**PROBLEM REQUIREMENTS**. An exact printout of all the entries is required.

◆ ◆ ◆

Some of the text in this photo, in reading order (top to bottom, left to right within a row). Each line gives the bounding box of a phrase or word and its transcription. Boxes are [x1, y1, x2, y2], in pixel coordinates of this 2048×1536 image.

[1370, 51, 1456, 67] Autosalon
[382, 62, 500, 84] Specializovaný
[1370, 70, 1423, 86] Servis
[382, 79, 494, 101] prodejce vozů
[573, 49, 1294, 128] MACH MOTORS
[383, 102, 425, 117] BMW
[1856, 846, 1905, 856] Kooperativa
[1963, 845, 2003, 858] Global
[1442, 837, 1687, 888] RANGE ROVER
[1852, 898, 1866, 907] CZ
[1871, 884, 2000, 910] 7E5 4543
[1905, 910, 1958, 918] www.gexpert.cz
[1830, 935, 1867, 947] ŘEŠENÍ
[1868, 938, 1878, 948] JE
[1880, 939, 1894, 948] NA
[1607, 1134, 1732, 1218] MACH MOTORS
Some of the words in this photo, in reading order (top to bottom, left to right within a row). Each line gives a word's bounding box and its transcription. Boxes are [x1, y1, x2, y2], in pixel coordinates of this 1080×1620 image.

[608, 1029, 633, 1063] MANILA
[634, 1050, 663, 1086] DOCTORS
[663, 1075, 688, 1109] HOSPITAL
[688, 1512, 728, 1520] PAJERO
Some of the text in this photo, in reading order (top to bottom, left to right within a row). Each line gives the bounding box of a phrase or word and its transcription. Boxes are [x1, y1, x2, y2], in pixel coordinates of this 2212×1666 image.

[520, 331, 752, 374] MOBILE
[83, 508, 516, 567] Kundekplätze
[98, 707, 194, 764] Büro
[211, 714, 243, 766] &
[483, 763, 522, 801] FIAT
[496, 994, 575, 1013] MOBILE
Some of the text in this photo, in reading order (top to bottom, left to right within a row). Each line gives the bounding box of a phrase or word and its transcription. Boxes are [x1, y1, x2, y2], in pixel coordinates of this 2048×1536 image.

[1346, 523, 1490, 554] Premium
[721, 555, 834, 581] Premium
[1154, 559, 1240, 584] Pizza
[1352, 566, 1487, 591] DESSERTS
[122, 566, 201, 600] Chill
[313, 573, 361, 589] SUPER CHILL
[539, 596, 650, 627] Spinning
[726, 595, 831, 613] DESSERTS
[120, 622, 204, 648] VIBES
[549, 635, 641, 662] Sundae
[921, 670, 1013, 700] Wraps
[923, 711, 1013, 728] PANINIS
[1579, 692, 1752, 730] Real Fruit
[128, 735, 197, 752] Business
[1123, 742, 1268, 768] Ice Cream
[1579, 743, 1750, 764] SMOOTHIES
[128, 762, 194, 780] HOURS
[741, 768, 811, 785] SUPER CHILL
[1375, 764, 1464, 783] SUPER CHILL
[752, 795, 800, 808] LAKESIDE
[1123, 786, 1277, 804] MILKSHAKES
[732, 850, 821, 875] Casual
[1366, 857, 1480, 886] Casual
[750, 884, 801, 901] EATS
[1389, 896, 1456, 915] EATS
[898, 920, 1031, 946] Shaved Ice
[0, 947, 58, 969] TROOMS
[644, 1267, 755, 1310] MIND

◆ ◆ ◆

**TASK ANSWER**.
Some of the text in this photo, in reading order (top to bottom, left to right within a row). Each line gives the bounding box of a phrase or word and its transcription. Boxes are [x1, y1, x2, y2], in pixel coordinates of this 2048×1536 image.

[1370, 51, 1456, 67] Autosalon
[382, 62, 500, 84] Specializovaný
[1370, 70, 1423, 86] Servis
[382, 79, 494, 101] prodejce vozů
[573, 49, 1294, 128] MACH MOTORS
[383, 102, 425, 117] BMW
[1856, 846, 1905, 856] Kooperativa
[1963, 845, 2003, 858] Global
[1442, 837, 1687, 888] RANGE ROVER
[1852, 898, 1866, 907] CZ
[1871, 884, 2000, 910] 7E5 4543
[1905, 910, 1958, 918] www.gexpert.cz
[1830, 935, 1867, 947] ŘEŠENÍ
[1868, 938, 1878, 948] JE
[1880, 939, 1894, 948] NA
[1607, 1134, 1732, 1218] MACH MOTORS
Some of the words in this photo, in reading order (top to bottom, left to right within a row). Each line gives a word's bounding box and its transcription. Boxes are [x1, y1, x2, y2], in pixel coordinates of this 1080×1620 image.

[608, 1029, 633, 1063] MANILA
[634, 1050, 663, 1086] DOCTORS
[663, 1075, 688, 1109] HOSPITAL
[688, 1512, 728, 1520] PAJERO
Some of the text in this photo, in reading order (top to bottom, left to right within a row). Each line gives the bounding box of a phrase or word and its transcription. Boxes are [x1, y1, x2, y2], in pixel coordinates of this 2212×1666 image.

[520, 331, 752, 374] MOBILE
[83, 508, 516, 567] Kundekplätze
[98, 707, 194, 764] Büro
[211, 714, 243, 766] &
[483, 763, 522, 801] FIAT
[496, 994, 575, 1013] MOBILE
Some of the text in this photo, in reading order (top to bottom, left to right within a row). Each line gives the bounding box of a phrase or word and its transcription. Boxes are [x1, y1, x2, y2], in pixel coordinates of this 2048×1536 image.

[1346, 523, 1490, 554] Premium
[721, 555, 834, 581] Premium
[1154, 559, 1240, 584] Pizza
[1352, 566, 1487, 591] DESSERTS
[122, 566, 201, 600] Chill
[313, 573, 361, 589] SUPER CHILL
[539, 596, 650, 627] Spinning
[726, 595, 831, 613] DESSERTS
[120, 622, 204, 648] VIBES
[549, 635, 641, 662] Sundae
[921, 670, 1013, 700] Wraps
[923, 711, 1013, 728] PANINIS
[1579, 692, 1752, 730] Real Fruit
[128, 735, 197, 752] Business
[1123, 742, 1268, 768] Ice Cream
[1579, 743, 1750, 764] SMOOTHIES
[128, 762, 194, 780] HOURS
[741, 768, 811, 785] SUPER CHILL
[1375, 764, 1464, 783] SUPER CHILL
[752, 795, 800, 808] LAKESIDE
[1123, 786, 1277, 804] MILKSHAKES
[732, 850, 821, 875] Casual
[1366, 857, 1480, 886] Casual
[750, 884, 801, 901] EATS
[1389, 896, 1456, 915] EATS
[898, 920, 1031, 946] Shaved Ice
[0, 947, 58, 969] TROOMS
[644, 1267, 755, 1310] MIND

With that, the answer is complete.